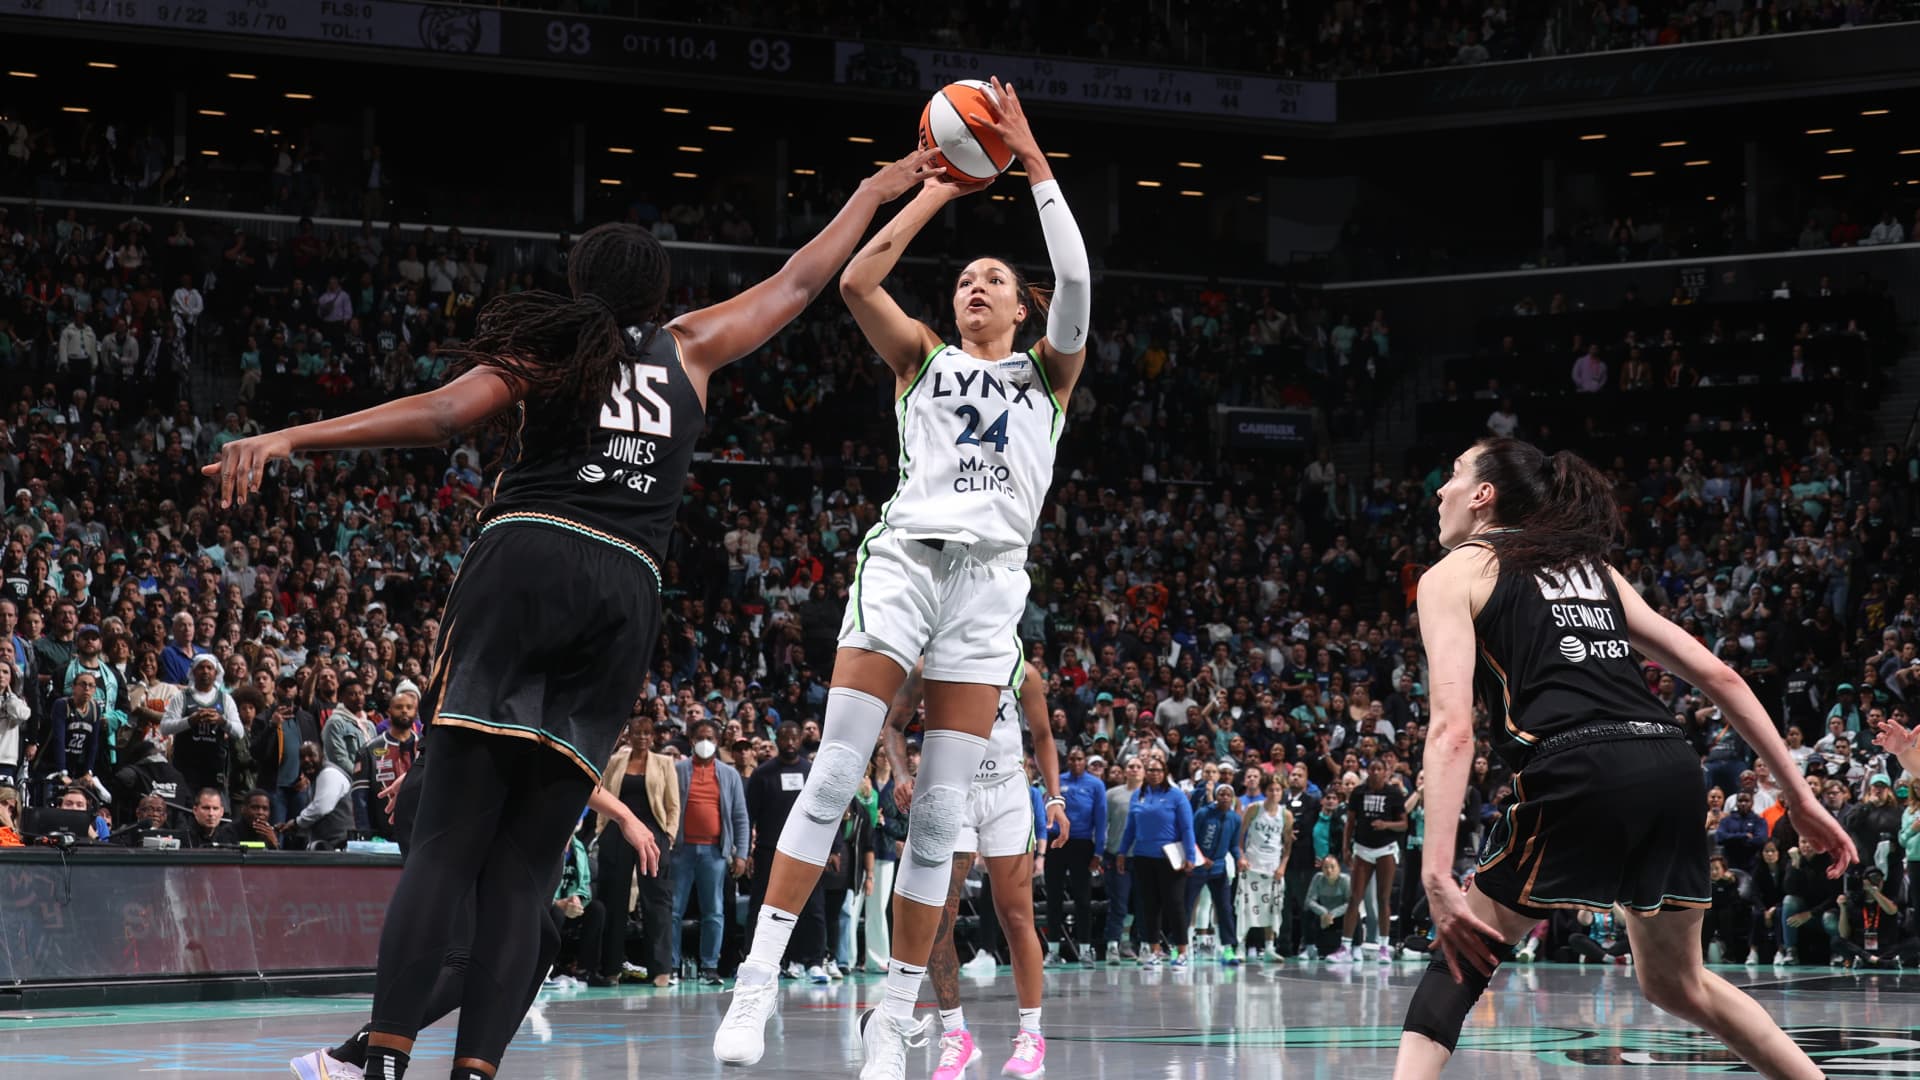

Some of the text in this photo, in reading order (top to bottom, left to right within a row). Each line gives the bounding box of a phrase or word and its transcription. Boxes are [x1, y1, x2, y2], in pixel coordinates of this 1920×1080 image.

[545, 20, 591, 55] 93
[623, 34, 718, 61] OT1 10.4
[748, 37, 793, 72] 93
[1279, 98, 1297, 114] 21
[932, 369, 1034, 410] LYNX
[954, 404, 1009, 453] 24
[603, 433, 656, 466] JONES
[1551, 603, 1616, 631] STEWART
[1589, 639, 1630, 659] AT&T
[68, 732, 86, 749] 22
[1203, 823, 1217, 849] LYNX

════════════════════

THE PROBLEM> The records above must be printed exactly, but the pictures they hold should be omitted.

SOLUTION>
Some of the text in this photo, in reading order (top to bottom, left to right within a row). Each line gives the bounding box of a phrase or word and its transcription. Boxes are [x1, y1, x2, y2], in pixel coordinates of this 1920×1080 image.

[545, 20, 591, 55] 93
[623, 34, 718, 61] OT1 10.4
[748, 37, 793, 72] 93
[1279, 98, 1297, 114] 21
[932, 369, 1034, 410] LYNX
[954, 404, 1009, 453] 24
[603, 433, 656, 466] JONES
[1551, 603, 1616, 631] STEWART
[1589, 639, 1630, 659] AT&T
[68, 732, 86, 749] 22
[1203, 823, 1217, 849] LYNX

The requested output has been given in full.